DISDÉRI, André.
[Collection of 12 photographs of Paris and surroundings just after the Franco-Prussian War (1870-1871)].
[Paris], André Disdéri, 1871. Seven albumen prints by Disdéri (measuring 10/20 x 29 cm), mounted on blue stiff paper leaves, with a caption in pencil in the lower left corner; three albumen prints, each mounted on a white stiff paper leaf, including one by A. Serrault with printed text underneath; and two small portraits of carte de visite format (89 x 54 mm), probably by Disdéri, mounted together on one stiff paper leaf.
€ 1,800
A total of 12 albumen prints, including 9 by the French photographer André-Adolphe-Eugène Disdéri (1819-1889), all relating to the Franco-Prussian War (1870-1871). Disdéri's photographs depict Paris and surroundings (Saint-Cloud, Point du jour, Meudon) in March 1871, just after the War, and show demolished buildings and barracks, abandoned ramparts and a Prussian artillery battery. The two small portraits depict General Louis Jules Trochu (1815-1896), Governor of Paris from 1870, and General Jean-Jacques Alexis Uhrich (1802-1886), who defended Strasbourg.
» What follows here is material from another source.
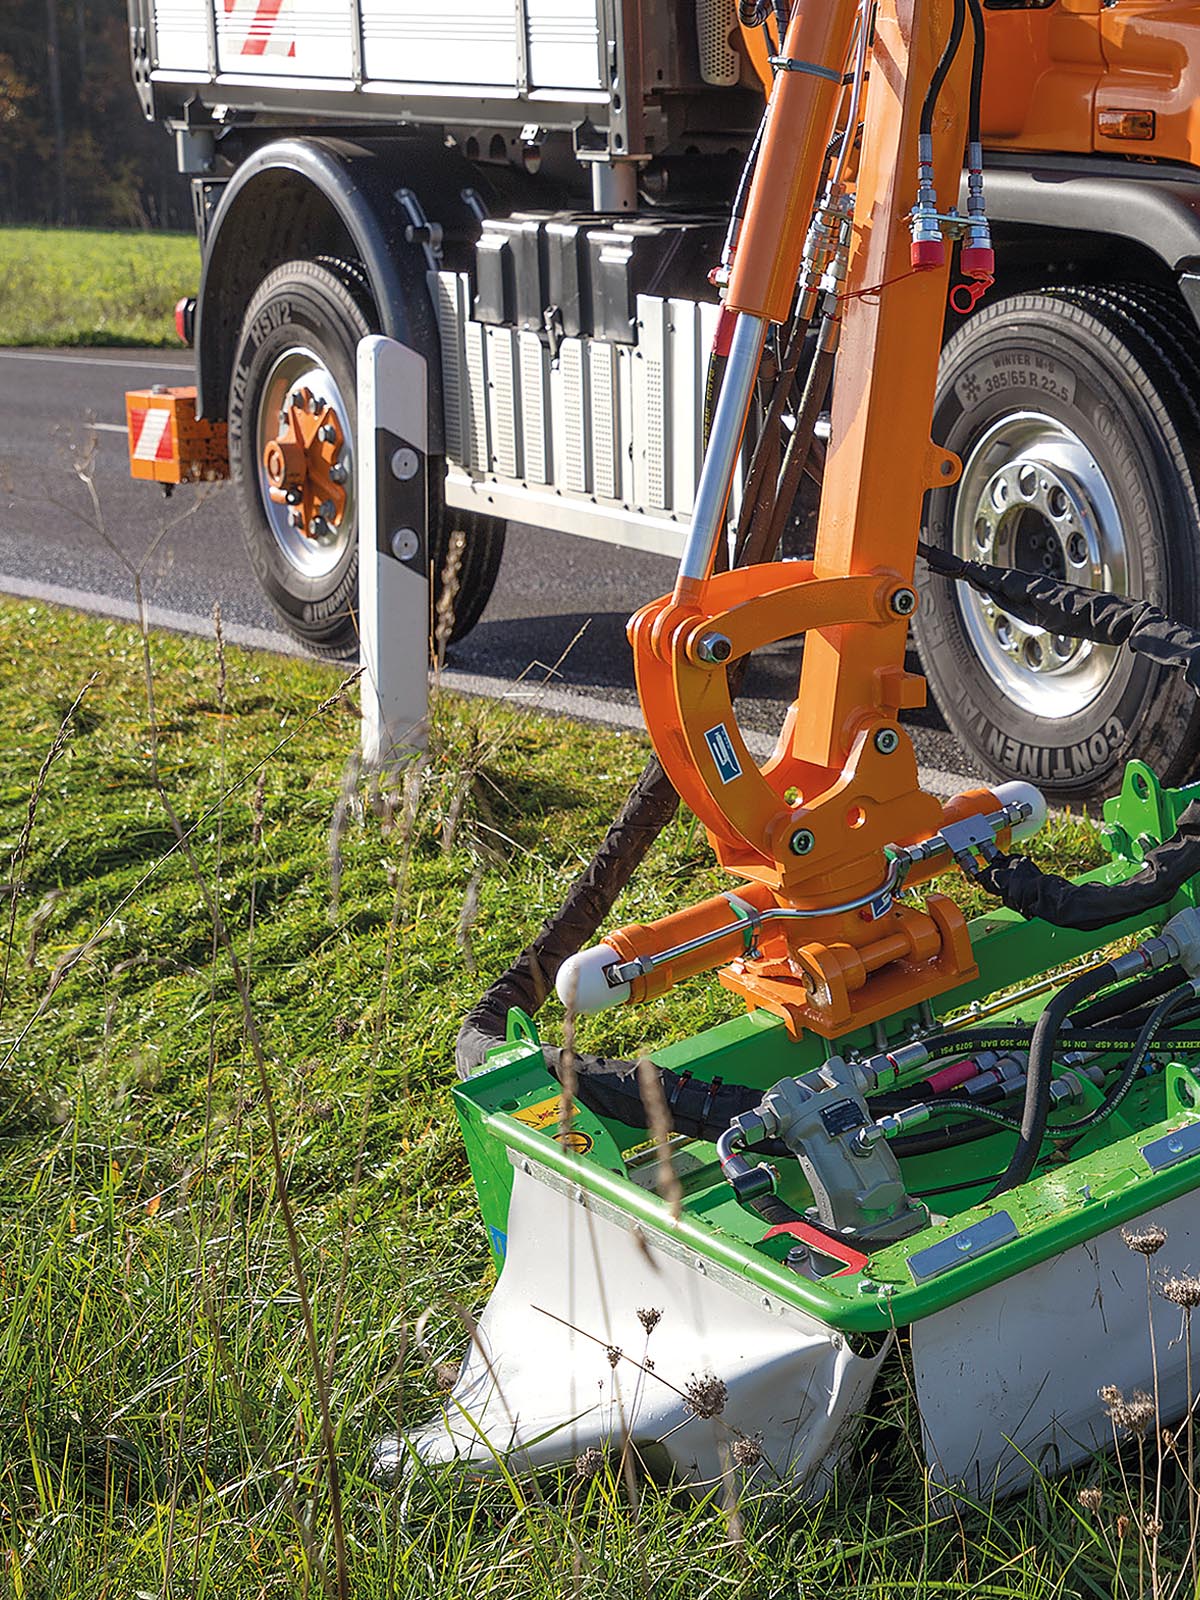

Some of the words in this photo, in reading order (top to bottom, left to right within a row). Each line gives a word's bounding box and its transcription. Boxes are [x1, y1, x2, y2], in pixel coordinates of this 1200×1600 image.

The portraits are in the typical carte de visite style, which Disdéri patented in 1854. The other photographs show a German garrison during the bombing of Paris, signed A. Serrault, Versailles; a photograph of a destroyed room at the École polytechnique after the bombing; and a drawing or painting called "Les maudits", signed Adrien Marie, 1870.
Photographs slightly discoloured, stiff paper leaves slightly browned along the margins, otherwise in good condition. Hannavy, Encyclopedia of nineteenth-century photography, pp. 417-420.